Skip to main content
. Author manuscript; available in PMC: 2018 Jun 15.
Published in final edited form as: Dev Biol. 2016 May 18;426(2):429–441. doi: 10.1016/j.ydbio.2016.05.014

Figure 3. Distinct activities of the differentially expressed genes to block activin-induced animal cap elongation.

Figure 3

RNAs encoding the RNA-seq clones and activin were co-injected into the animal region of 2-cell stage embryos. Animal caps were dissected at blastula stages and cultured to late neurula stages. A) Two GPRC proteins with the highest expression levels in the DMZ, GPRC5C and CXCR7, reduced activin-induced animal cap elongation without interfering with the mesodermal induction by activin. B) The DMZ-enriched GEF, ARHGEF3, efficiently blocked animal cap elongation; but the organizer-enriched GEF, PLEKHG5, or RhoGEF expressed in the DMZ and VMZ, FGD5, could not do so.
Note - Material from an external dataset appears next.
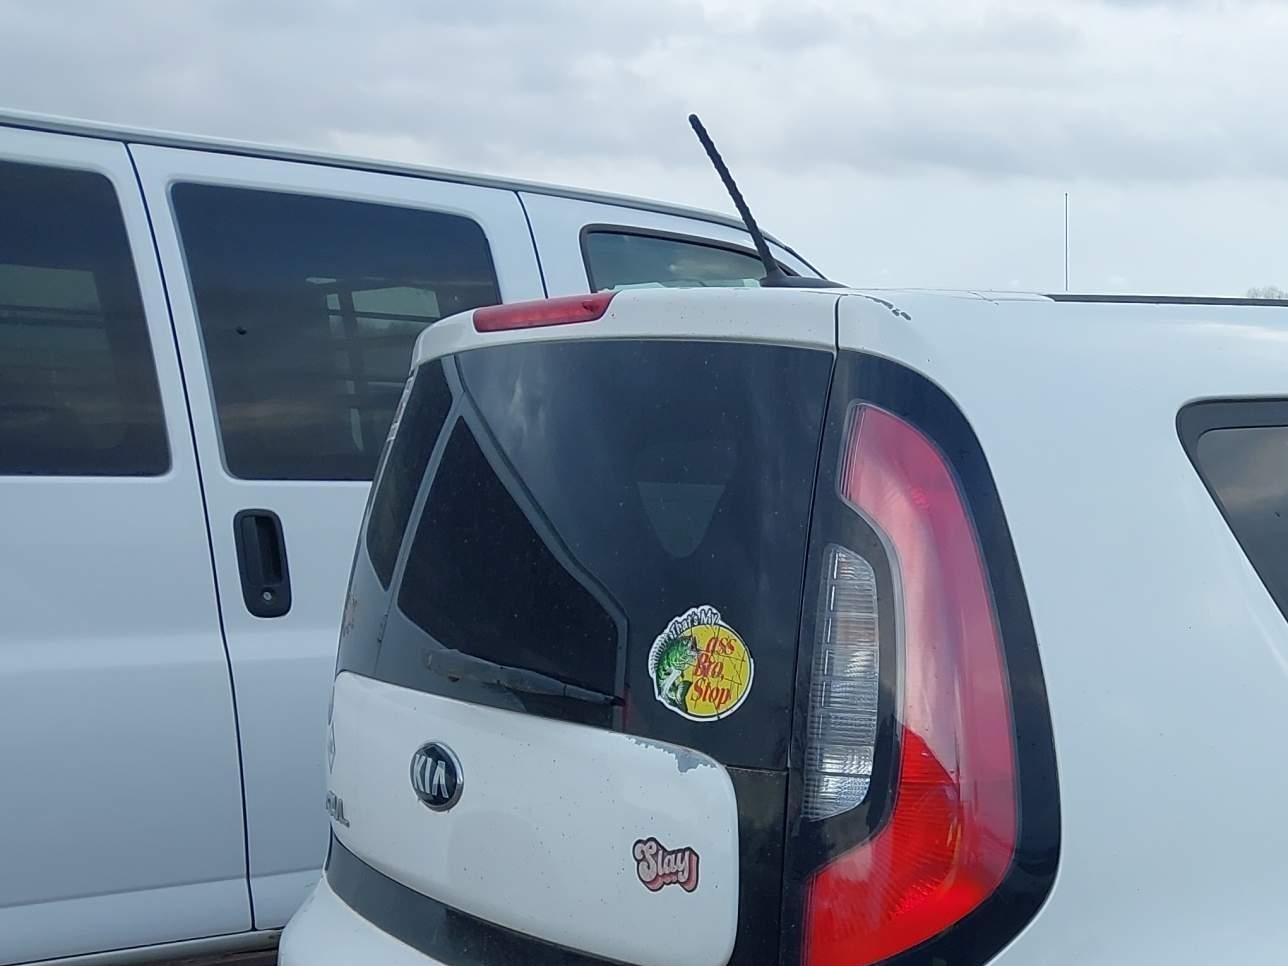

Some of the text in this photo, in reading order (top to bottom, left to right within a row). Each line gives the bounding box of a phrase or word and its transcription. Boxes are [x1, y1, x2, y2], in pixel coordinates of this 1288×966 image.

[693, 678, 732, 710] Stop
[413, 753, 449, 799] KIA
[634, 840, 692, 885] Slay
C) CDC42EP3, which was expressed at high levels in both the organizer and the DMZ, blocked activin-induced animal cap elongation more efficiently than CDC42EP2, a gene enriched in the organizer. D) The transcription factors ATF3 and FOS both reduced the elongation of the animal caps, but KLF10 was ineffective in doing so. E) The ventrally-enriched Ras family proteins, DIRAS and RasL11B, did not block activin-induced animal cap elongation. The doses of RNA used: activin, 2pg; RNA-seq clones, 0.25-1ng.